Well, technically, yes, the preceding statements would be “affected” by the later declaration – but in my proposal, they would be invalidated and not executed. That is indeed “affected,” but without dangerous side effects or ambiguity.

Well, what if you need a local xx in the inner scope and access to the outer xx? Easy.

(
value {
	var xx = 42;
	value {
		var yy = xx.postln;
		var xxx = 5; 
	}
}
)

And what I am proposing would also not invalidate a common use case:

(
var i = 0;
while { i < 10 } {
	20.do { |i|
		... do stuff with inner 'i'...
	};
	i = i + 1;  // outer 'i'
}
)

… because the immediate declaration of arg i in the do loop establishes i’s referent, uniquely. It blocks access to the outer ‘i’ within the do loop, but as noted in the preceding example, a different identifier would allow access to both. (And, to be clear, f = { arg i = i; ... } should also be illegal.)

I will also express the opinion that var yy = xx; var xx is not an ideal programming practice.
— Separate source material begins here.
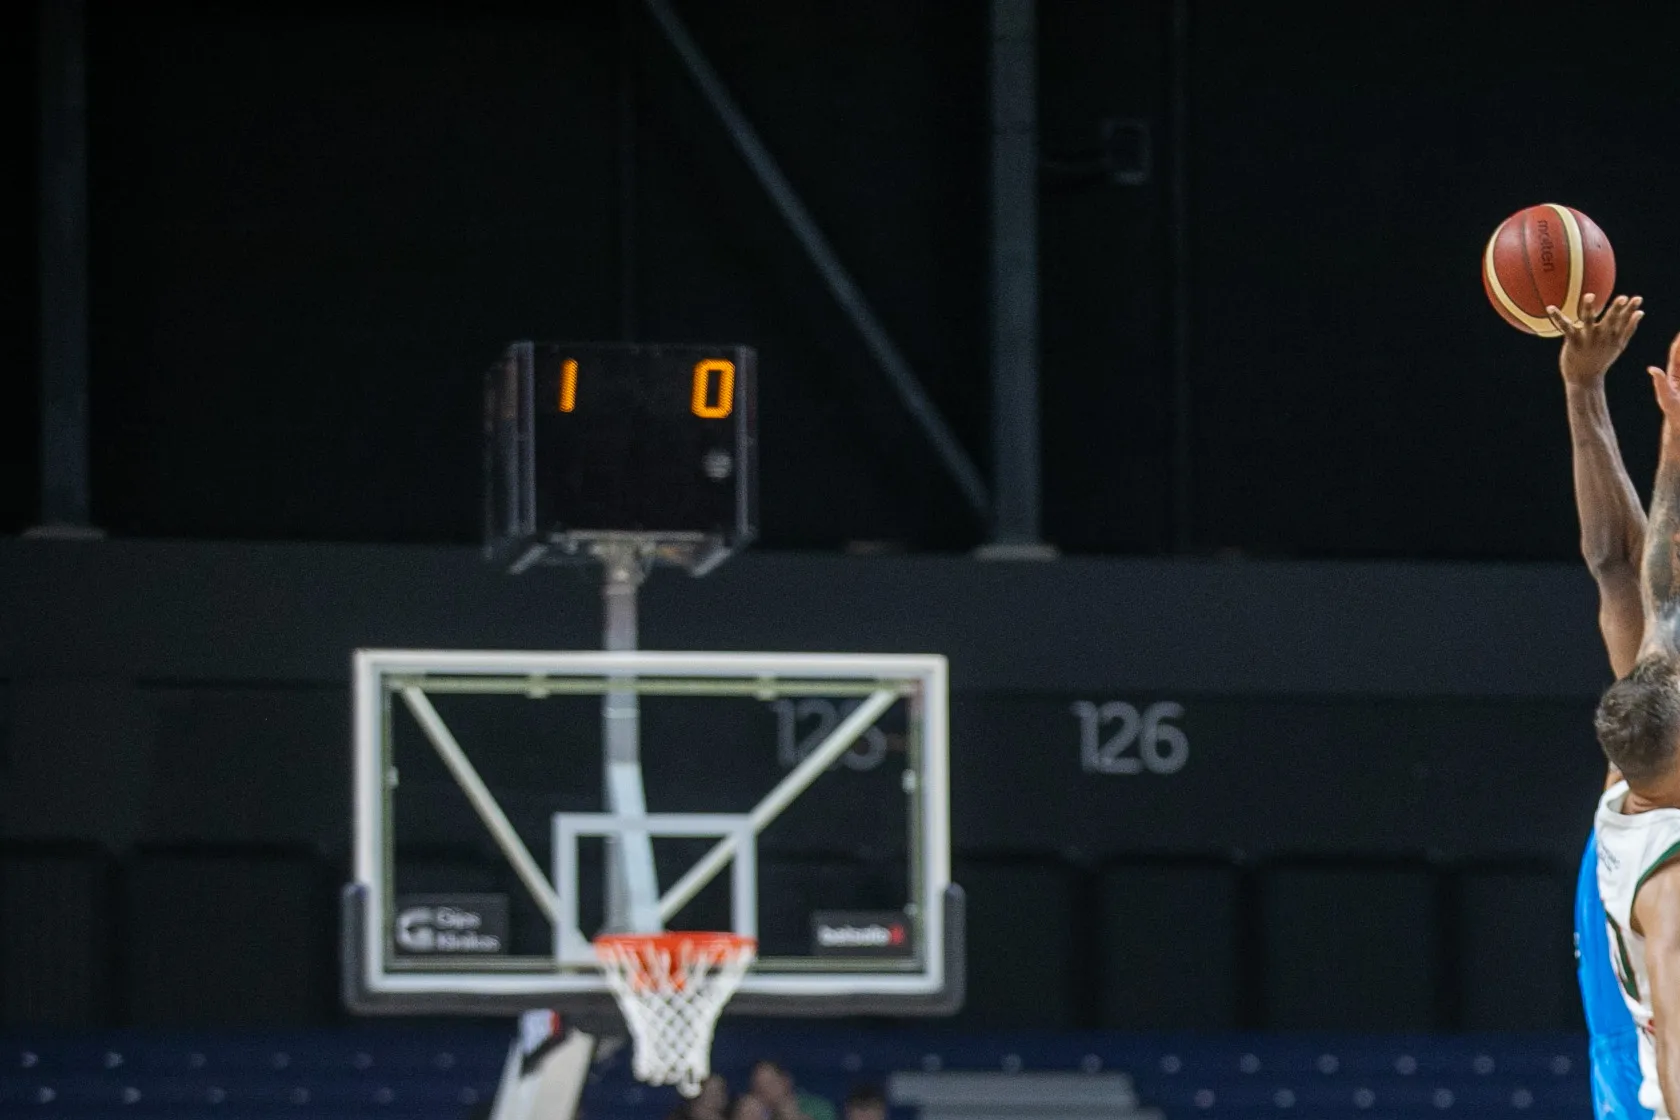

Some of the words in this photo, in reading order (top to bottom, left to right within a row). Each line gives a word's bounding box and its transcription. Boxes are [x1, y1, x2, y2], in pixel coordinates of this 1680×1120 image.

It’s deliberately (perversely?) unclear, without any necessity to be unclear (and the un-clarity is easily removed by changing an identifier). That JavaScript allows it doesn’t make it good. So I am still of the opinion that allowing var to follow regular statements doesn’t create any obligation to support this type of code example.

hjh

RFluff · June 13, 2020, 10:35pm

jamshark70:

value {
		var yy = xx.postln;
this inner function is using xx which was declared in the outer scope.
... stuff...
		var xx = 5;
What I am proposing is that this should be illegal.

Yes, I actually agree(d) that that would be a good approach. I was merely saying that it turned out that some programs written like that are presently valid in SC. (They’re presently valid as long they don’t have non-var “stuff” in between those lines.)

So, making the var-ing of xx illegal (after use in the same scope, in that example in the assignment to yy [and its postln]) would be a “breaking change”, but not a terrible one, as the presently valid programs rendered illegal by this approach would be flagged at compile time (as opposed to e.g. still running, but with some different semantics, which would be a much nastier kind of breaking change.)

Also, another point I was trying to get across, is that some of these programs that would be rendered illegal by this proposal (already) have somewhat dubious runtime semantics, like if you changed 5 to 2+3 in the above, the xx.postln would print nil instead of 5. In other words, the proposed change would render illegal programs that have rather non-intuitive semantics in the present SC implementation.

This cannot be a (Bison) parser error per se, but it can be compile-time error. (It’s more like a C++ deals with a * b;, which depends whether a is a previously defined type or not. If it is, that’s a variable declaration, otherwise if it’s a variable bound to a that’s multiplication, and if there’s nothing bound then it’s an error. I.e. the result there depends on what’s bound to the symbol a; there’s actually a name for this–the “lexer hack”.) But for this var-after-use SC issue, one of the alternatives (xx already accessed in the inner scope) leads to compile-time error, rather than a valid program, and the statement is otherwise unambiguous. The SC compiler would have to track accessed names (in a the scope), not merely declared ones though.

Speaking of which… this tracking needs to extend to (arbitrarily nested) inner-inner scopes, e.g.

{
    var xx;
    {
        { xx = 3 }; // or even { { { xx = 3  } } } 
        var xx; // compiler would need to abort with error here
        // even though outer xx only used in some further nested sub-scopes
    }
}

It’s actually not strictly necessary to make such program illegal with above proposal… and in fact it’s a bit of extra work to add that check because:

The compiler “agreed” that i is a valid new local var name at the point where it parsed just arg i. There was no “use” of i in the scope prior to this point with the present deferred implementation of expression initializers (what I labelled “step 3” in a prior post.)
So, the expression (being) assigned to i would need to flagged to be checked for non-occurrences of i. There are presently no such forbidden-names-in-expressions checks in the compiler.

So, detecting/forbidding arg i = i (and/or var i = i) is a somewhat orthogonal issue to allowing “vars anywhere”.